All the rivers I crossed danced with blood, 

and one day, one day, the ground betrayed me.


I am drowning, trying for an ocean,

yet all the seas turn crimson,

replaying the memories of lost innocence and broken records.

And all the cages I escape breathe life into the grief in my veins again.


A child whom no country will claim,

yet demand reverence, demand obedience,

and call it "holy". 


Am I sycophantic enough for you now?

Is the wildness in my bones loud enough now?

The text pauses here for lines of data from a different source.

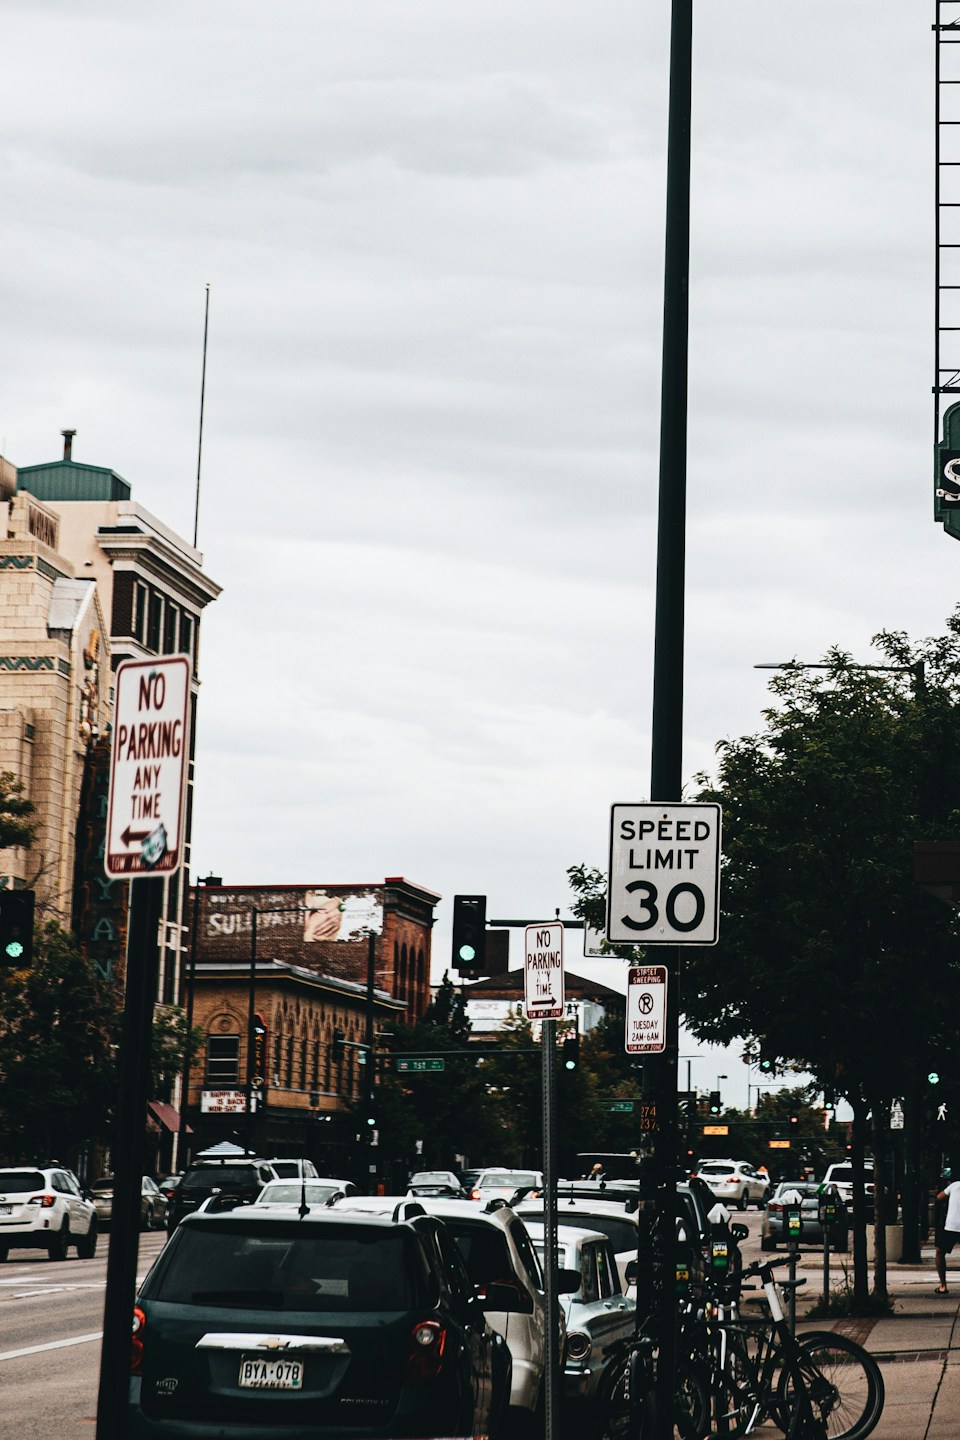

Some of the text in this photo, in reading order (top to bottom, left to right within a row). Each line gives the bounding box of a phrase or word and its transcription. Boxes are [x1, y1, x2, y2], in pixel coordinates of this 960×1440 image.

[138, 672, 166, 712] NO
[118, 719, 182, 762] PARKING
[133, 764, 161, 791] ANY
[131, 793, 161, 820] TIME
[620, 820, 711, 841] SPEED
[111, 856, 126, 871] TOW
[629, 849, 699, 870] LIMIT
[621, 880, 706, 933] 30
[536, 930, 551, 948] NO
[527, 951, 561, 971] PARKING
[632, 976, 661, 984] SWEEPING
[636, 968, 658, 976] STREET
[536, 983, 552, 996] TIME
[633, 1020, 659, 1030] TUESDAY
[631, 1032, 660, 1042] 2AM-6AM

Forgive me; my tongue betrays me,

twists in all the wrong ways,

knows all the languages of a bastionised king — of lions and dragons — and betrays the women who came before me.


Pious women,

Who mastered silence and called it honour,

called it home,

called it righteous.

Women who never tried to leave.


But all the wildness carved in my bones

carries their rage, their joy,

and all the freedom I long for

sings to me in the winds:

“Huya mweya wehutsene. Woza Moya oNgcwele"


And I will not translate!


Have I not translated every part of me already?

Conjured holiness from chaos, interrupted and shattered dreams




Am I righteous enough for you now?

The cosmic rhythm of this woman, wide-eyed and quietly roaring desperately,

sovereign and unburned…


But Saturn returns, and I am feral and feline again.

I am shadow and flame again, unravelled by a bloody peace.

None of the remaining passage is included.